== WORK ITEM ==
Each record below gets repeated exactly, and pictures stay out of the copy.

== RECORDS FOR THE TASK ==
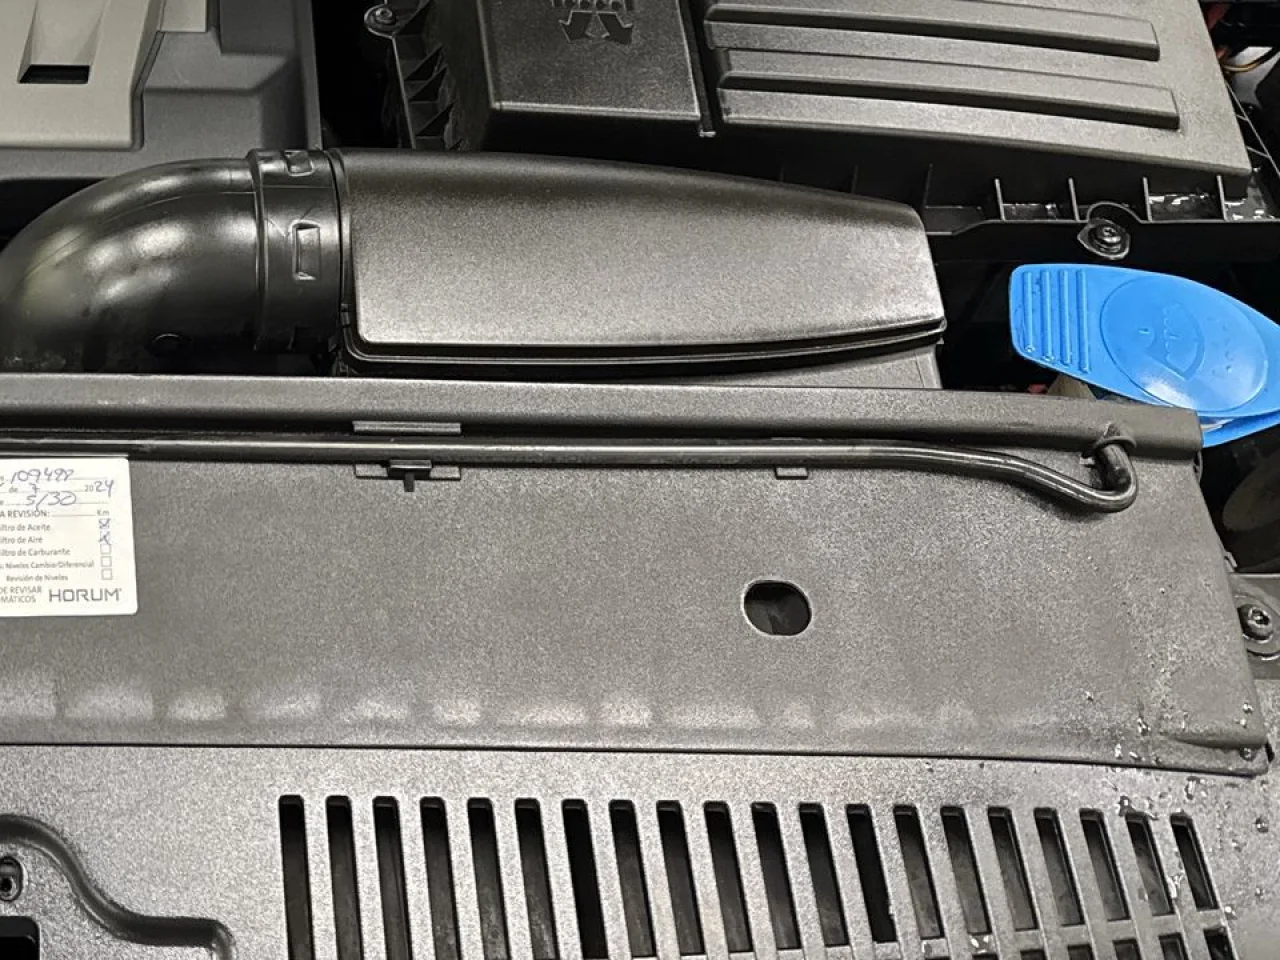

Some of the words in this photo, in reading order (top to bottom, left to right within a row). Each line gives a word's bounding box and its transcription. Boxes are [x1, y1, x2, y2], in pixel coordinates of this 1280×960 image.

[17, 524, 26, 532] de
[27, 524, 51, 532] Aceite
[17, 536, 26, 544] de
[27, 536, 43, 544] Aire
[17, 549, 26, 557] de
[27, 549, 70, 557] Carburante
[11, 586, 42, 594] REVISAR
[48, 588, 122, 602] HORUM

== RESULT OF THE TASK ==
Some of the words in this photo, in reading order (top to bottom, left to right within a row). Each line gives a word's bounding box and its transcription. Boxes are [x1, y1, x2, y2], in pixel coordinates of this 1280×960 image.

[17, 524, 26, 532] de
[27, 524, 51, 532] Aceite
[17, 536, 26, 544] de
[27, 536, 43, 544] Aire
[17, 549, 26, 557] de
[27, 549, 70, 557] Carburante
[11, 586, 42, 594] REVISAR
[48, 588, 122, 602] HORUM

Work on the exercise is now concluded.